* _WORK ORDER_: Pictures are not part of the copy. Set down exactly the lines from the one containing "this 1280×960 image." through the last line of the material below.

* _INFORMATION_:
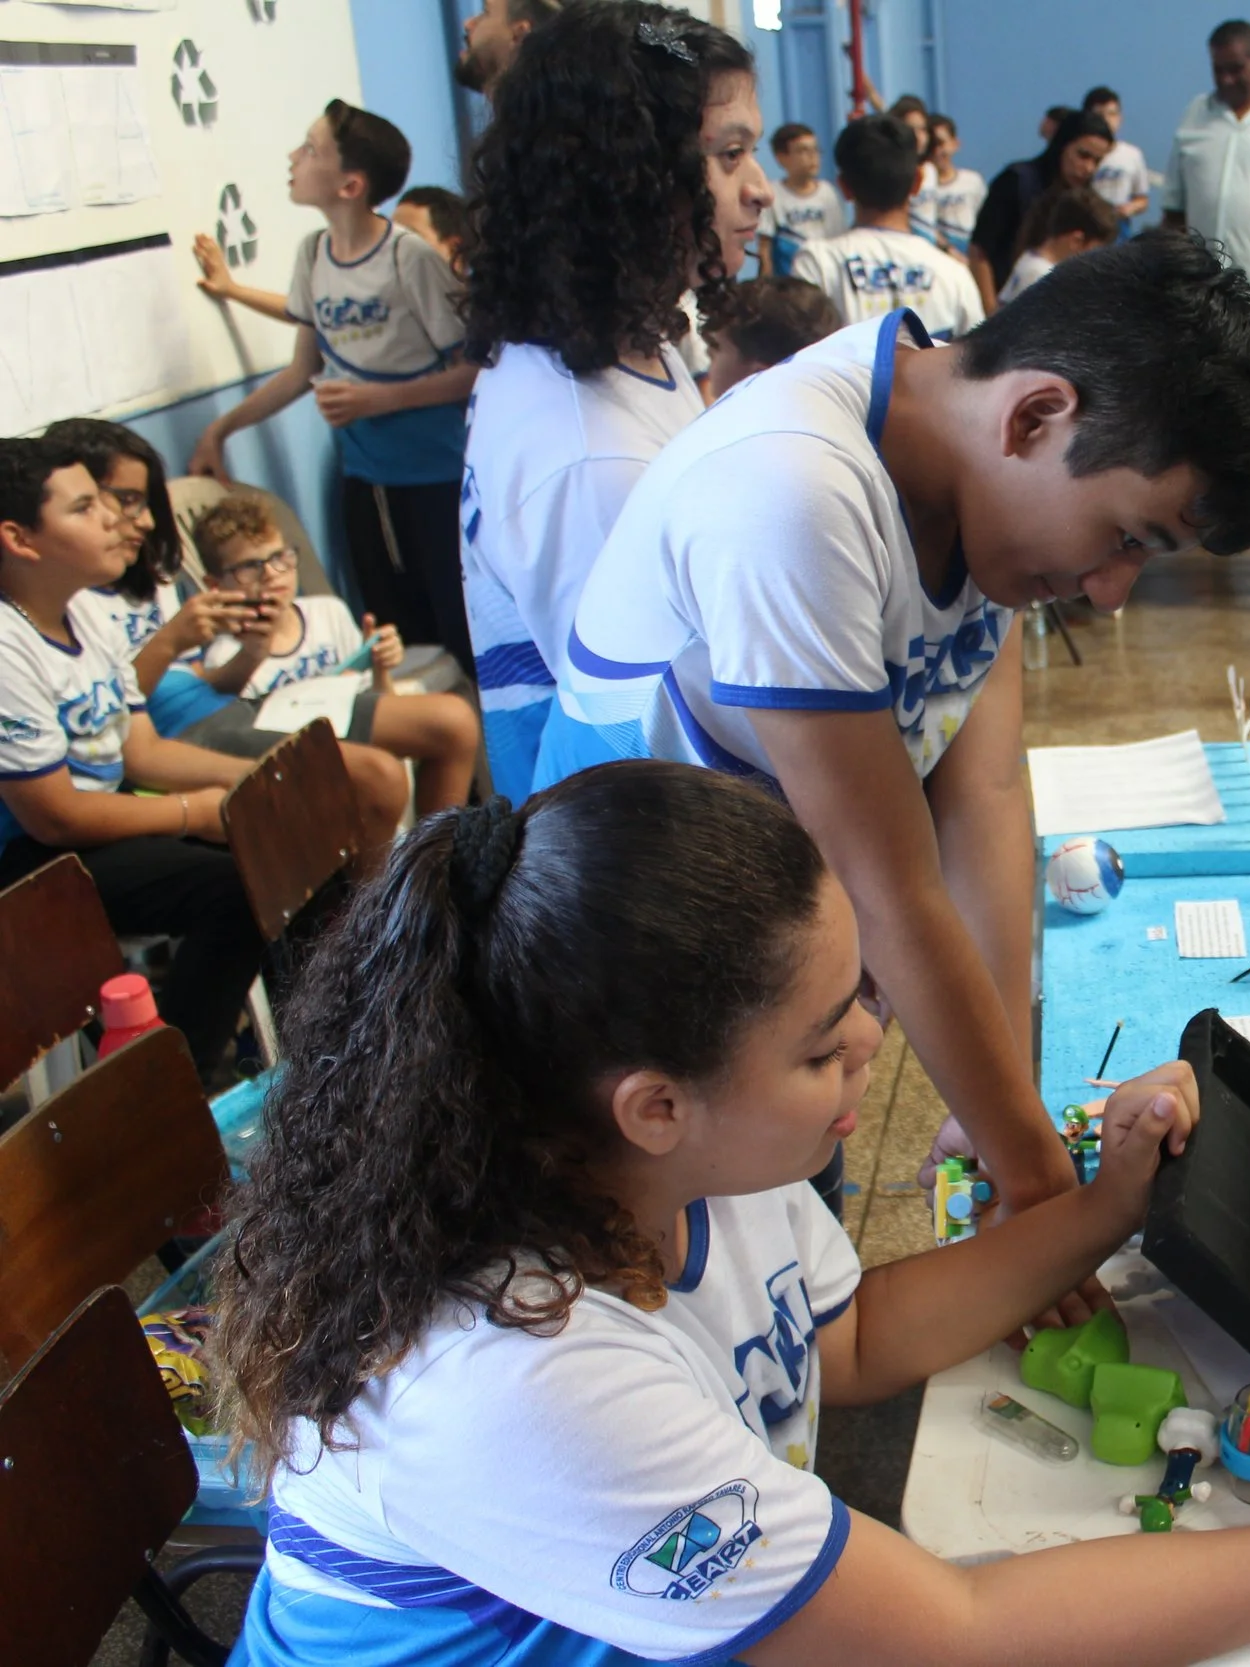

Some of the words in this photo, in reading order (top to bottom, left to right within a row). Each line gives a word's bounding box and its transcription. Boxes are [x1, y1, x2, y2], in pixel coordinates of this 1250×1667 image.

[615, 1564, 627, 1591] CENTRO
[653, 1511, 683, 1538] ANTONIO
[715, 1484, 747, 1497] TAVARES
[661, 1519, 763, 1601] CEART
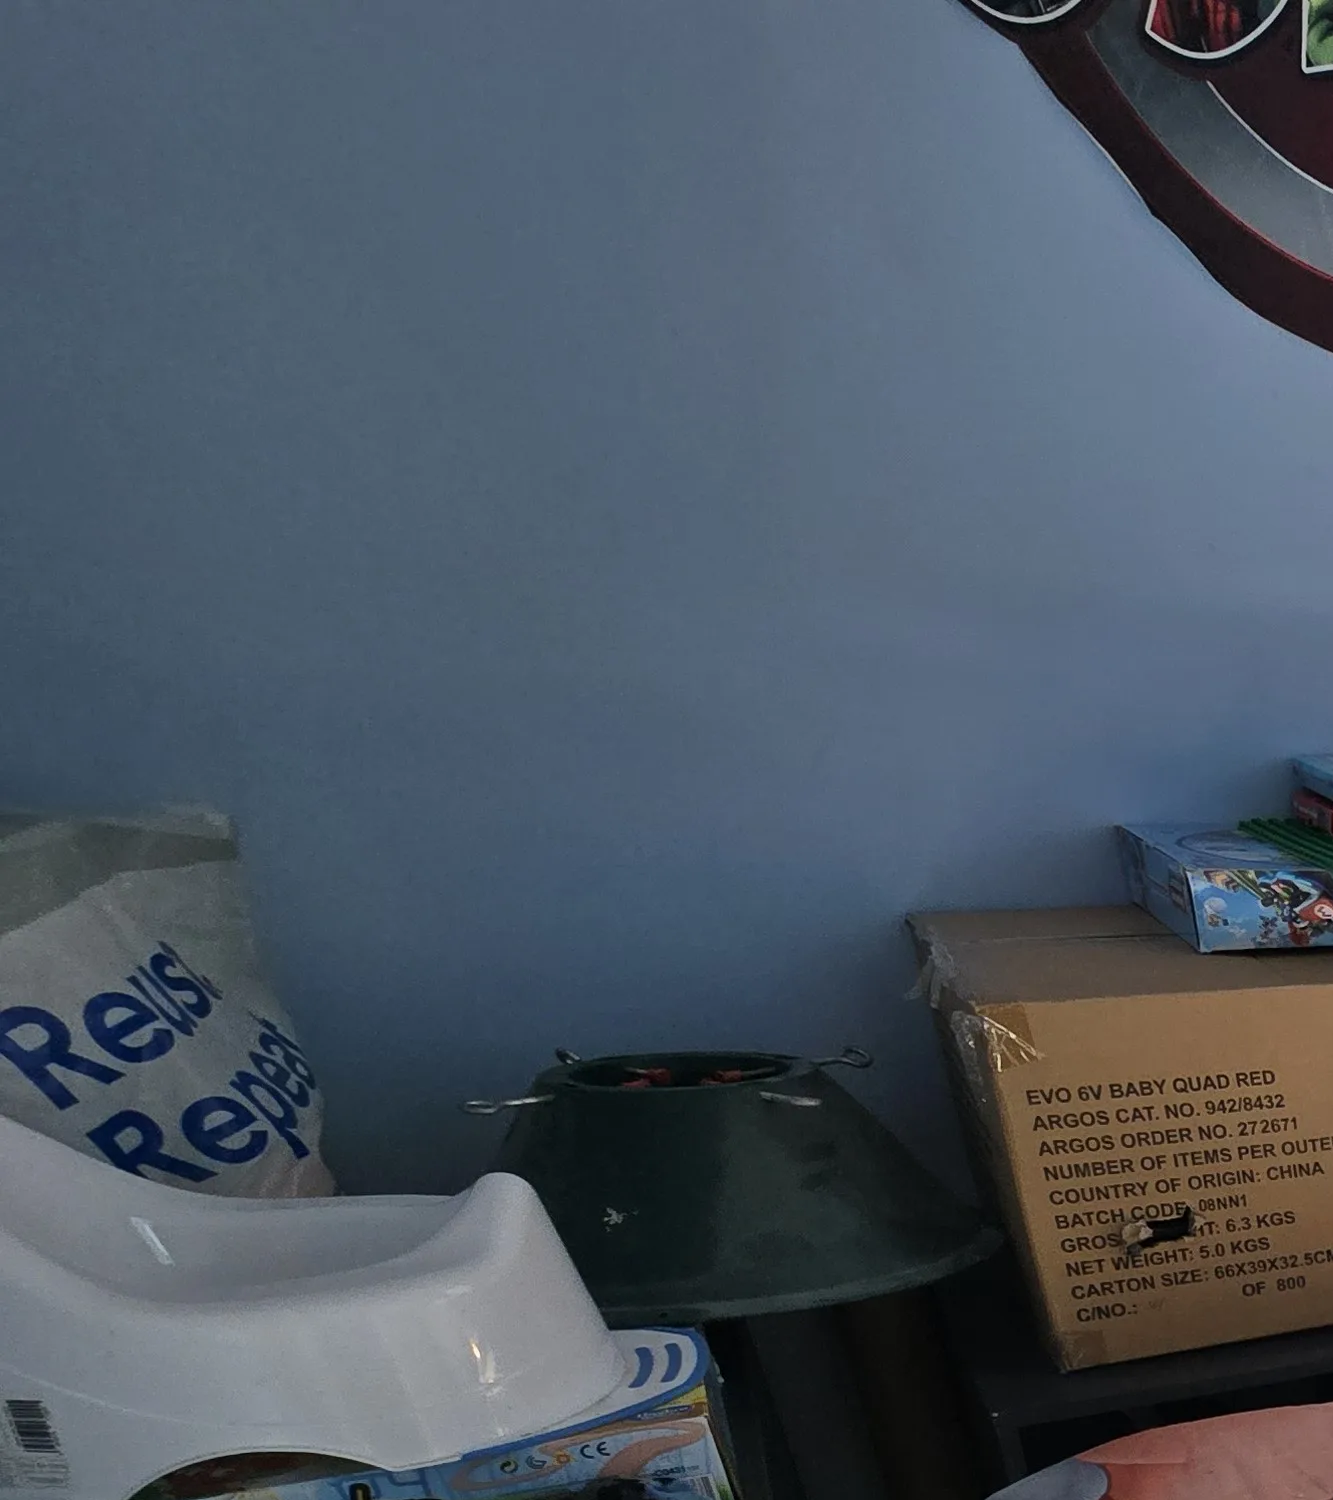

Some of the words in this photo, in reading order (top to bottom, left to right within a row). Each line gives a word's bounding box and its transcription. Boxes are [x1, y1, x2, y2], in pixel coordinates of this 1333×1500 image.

[1025, 1086, 1072, 1106] EVO
[1078, 1084, 1101, 1102] 6V
[1109, 1079, 1167, 1100] BABY
[1172, 1074, 1230, 1096] QUAD
[1235, 1069, 1276, 1089] RED
[1032, 1108, 1110, 1132] ARGOS
[1115, 1105, 1160, 1125] CAT.
[1164, 1102, 1201, 1119] NO.
[1205, 1093, 1286, 1115] 942/8432
[1038, 1134, 1115, 1157] ARGOS
[1120, 1127, 1194, 1149] ORDER
[1199, 1123, 1234, 1142] NO.
[1237, 1116, 1299, 1137] 272671
[1043, 1159, 1135, 1182] NUMBER
[1140, 1154, 1168, 1172] OF
[1173, 1147, 1233, 1168] ITEMS
[1238, 1143, 1276, 1162] PER
[1049, 1182, 1148, 1206] COUNTRY
[1155, 1178, 1182, 1197] OF
[1188, 1171, 1262, 1190] ORIGIN:
[1266, 1161, 1325, 1182] CHINA
[1055, 1207, 1126, 1230] BATCH
[1198, 1195, 1248, 1213] 08NN1
[1225, 1216, 1253, 1233] 6.3
[1256, 1210, 1296, 1229] KGS
[1065, 1259, 1106, 1278] NET
[1112, 1248, 1194, 1272] WEIGHT:
[1199, 1243, 1226, 1260] 5.0
[1230, 1237, 1271, 1255] KGS
[1071, 1277, 1156, 1300] CARTON
[1161, 1270, 1209, 1289] SIZE:
[1242, 1282, 1267, 1298] OF
[1276, 1275, 1306, 1293] 800
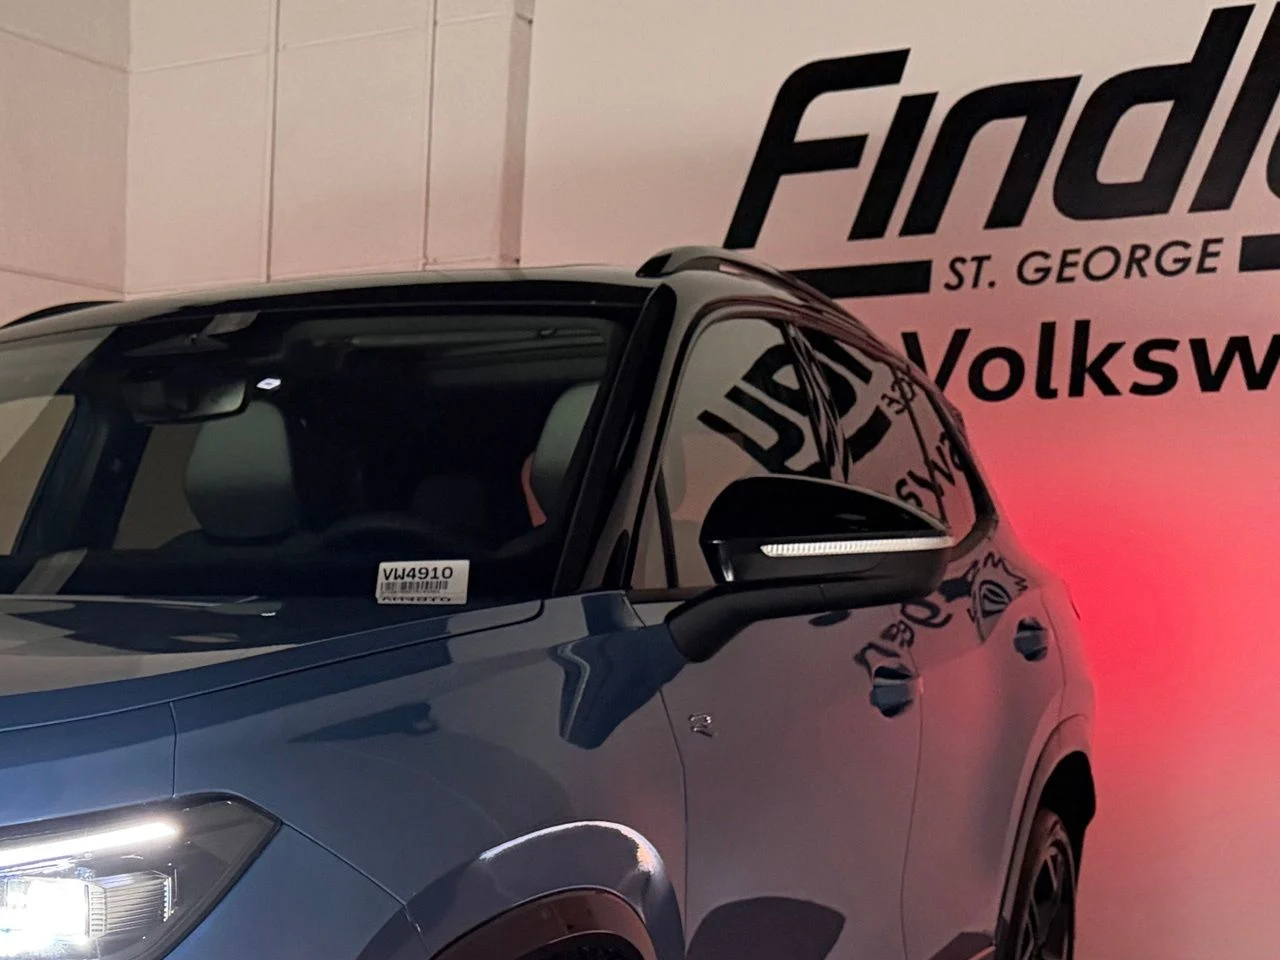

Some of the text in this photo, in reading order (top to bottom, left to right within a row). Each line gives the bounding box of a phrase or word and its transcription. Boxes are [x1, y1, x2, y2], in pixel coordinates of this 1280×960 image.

[723, 2, 1280, 251] Findl
[943, 238, 1224, 291] ST. GEORGE
[901, 319, 1280, 402] Volksw
[382, 566, 454, 581] VW4910
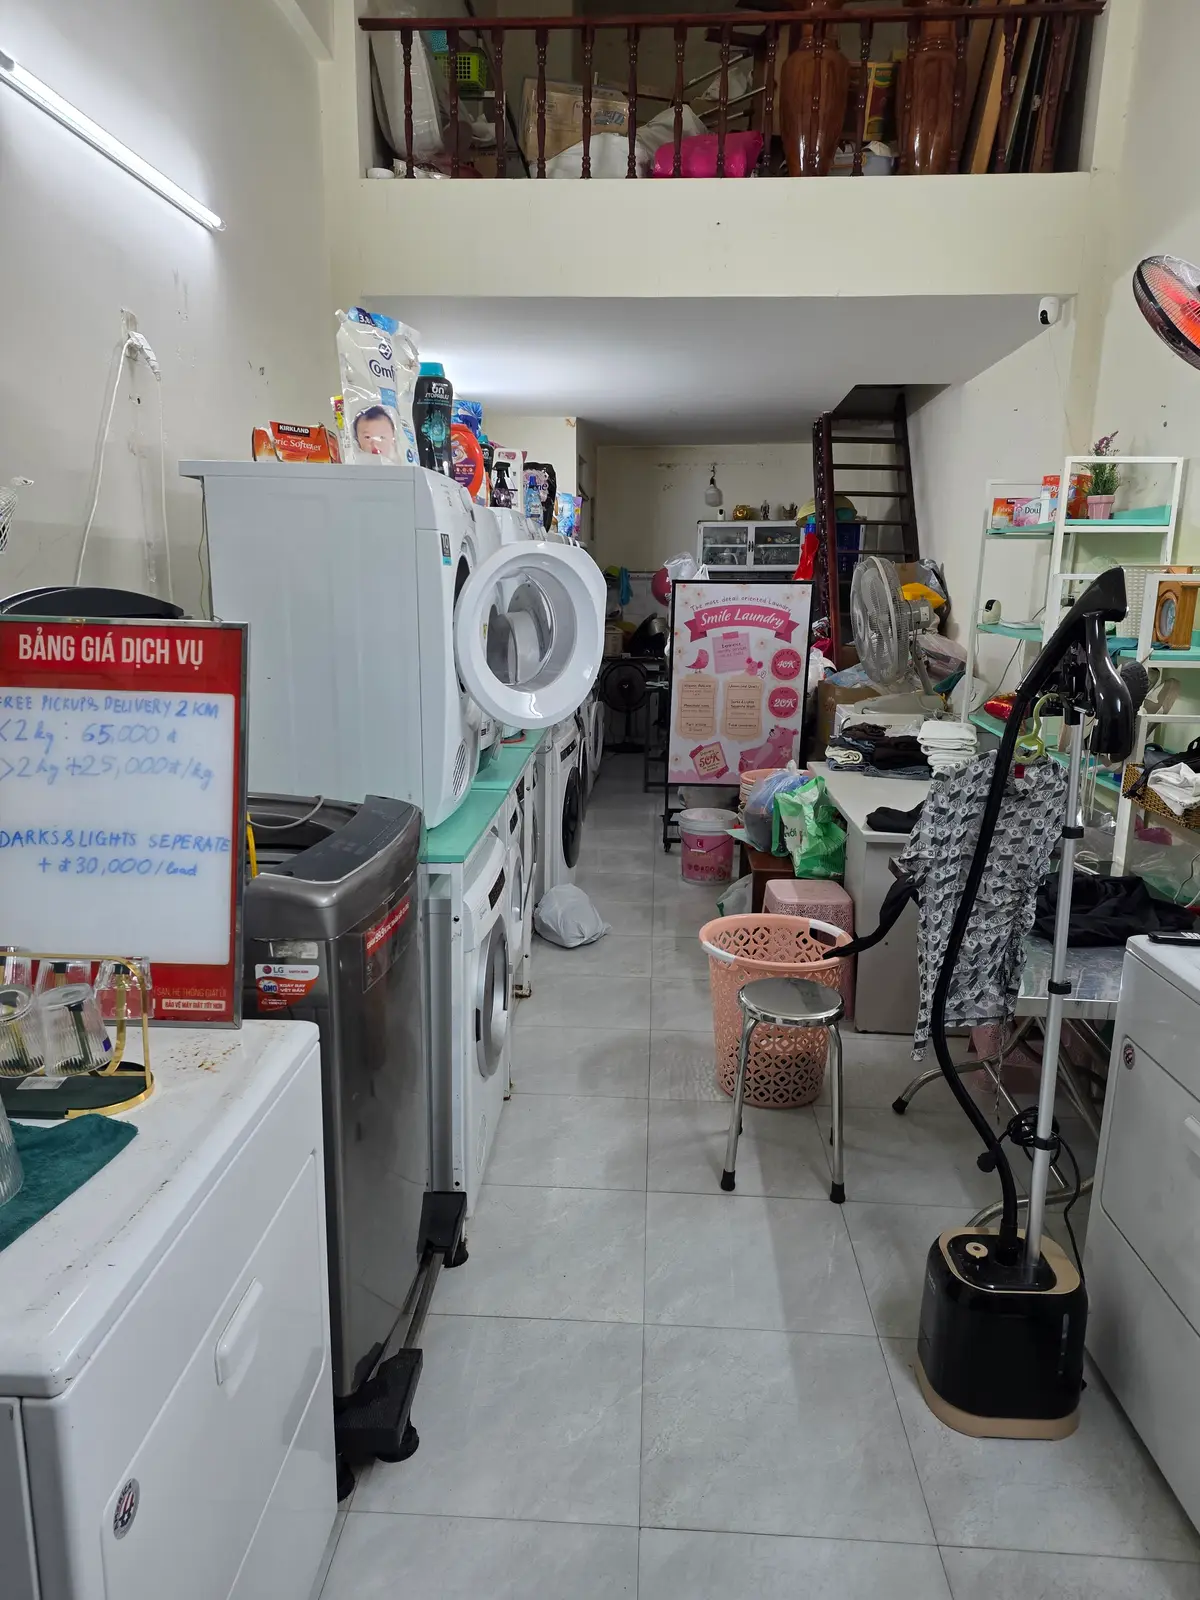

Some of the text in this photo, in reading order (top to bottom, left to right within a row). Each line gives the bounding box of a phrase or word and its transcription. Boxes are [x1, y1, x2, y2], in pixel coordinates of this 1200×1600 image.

[368, 359, 396, 382] Comf
[279, 424, 309, 434] KIRKLAND
[690, 604, 703, 612] The
[721, 595, 739, 603] detail
[741, 596, 767, 604] oriented
[768, 599, 792, 613] Laundry
[701, 608, 784, 629] Smile Laundry
[18, 626, 204, 671] BẢNG GIÁ DỊCH VỤ
[0, 696, 32, 710] REE
[105, 695, 171, 717] DELIVERY
[175, 699, 187, 717] 2
[192, 702, 219, 719] KM
[773, 698, 797, 708] 20K
[34, 720, 54, 754] kg
[699, 751, 720, 768] 50K
[36, 757, 58, 786] kg
[149, 833, 231, 852] SEPERATE
[273, 966, 284, 974] LG
[263, 984, 277, 992] OMO

* _TASK ANSWER_:
Some of the text in this photo, in reading order (top to bottom, left to right within a row). Each line gives the bounding box of a phrase or word and its transcription. Boxes are [x1, y1, x2, y2], in pixel coordinates of this 1280×960 image.

[723, 2, 1280, 251] Findl
[943, 238, 1224, 291] ST. GEORGE
[901, 319, 1280, 402] Volksw
[382, 566, 454, 581] VW4910

Some of the text in this photo, in reading order (top to bottom, left to right within a row). Each line gives the bounding box of a phrase or word and its transcription. Boxes are [x1, y1, x2, y2], in pixel coordinates of this 1200×1600 image.

[368, 359, 396, 382] Comf
[279, 424, 309, 434] KIRKLAND
[690, 604, 703, 612] The
[721, 595, 739, 603] detail
[741, 596, 767, 604] oriented
[768, 599, 792, 613] Laundry
[701, 608, 784, 629] Smile Laundry
[18, 626, 204, 671] BẢNG GIÁ DỊCH VỤ
[0, 696, 32, 710] REE
[105, 695, 171, 717] DELIVERY
[175, 699, 187, 717] 2
[192, 702, 219, 719] KM
[773, 698, 797, 708] 20K
[34, 720, 54, 754] kg
[699, 751, 720, 768] 50K
[36, 757, 58, 786] kg
[149, 833, 231, 852] SEPERATE
[273, 966, 284, 974] LG
[263, 984, 277, 992] OMO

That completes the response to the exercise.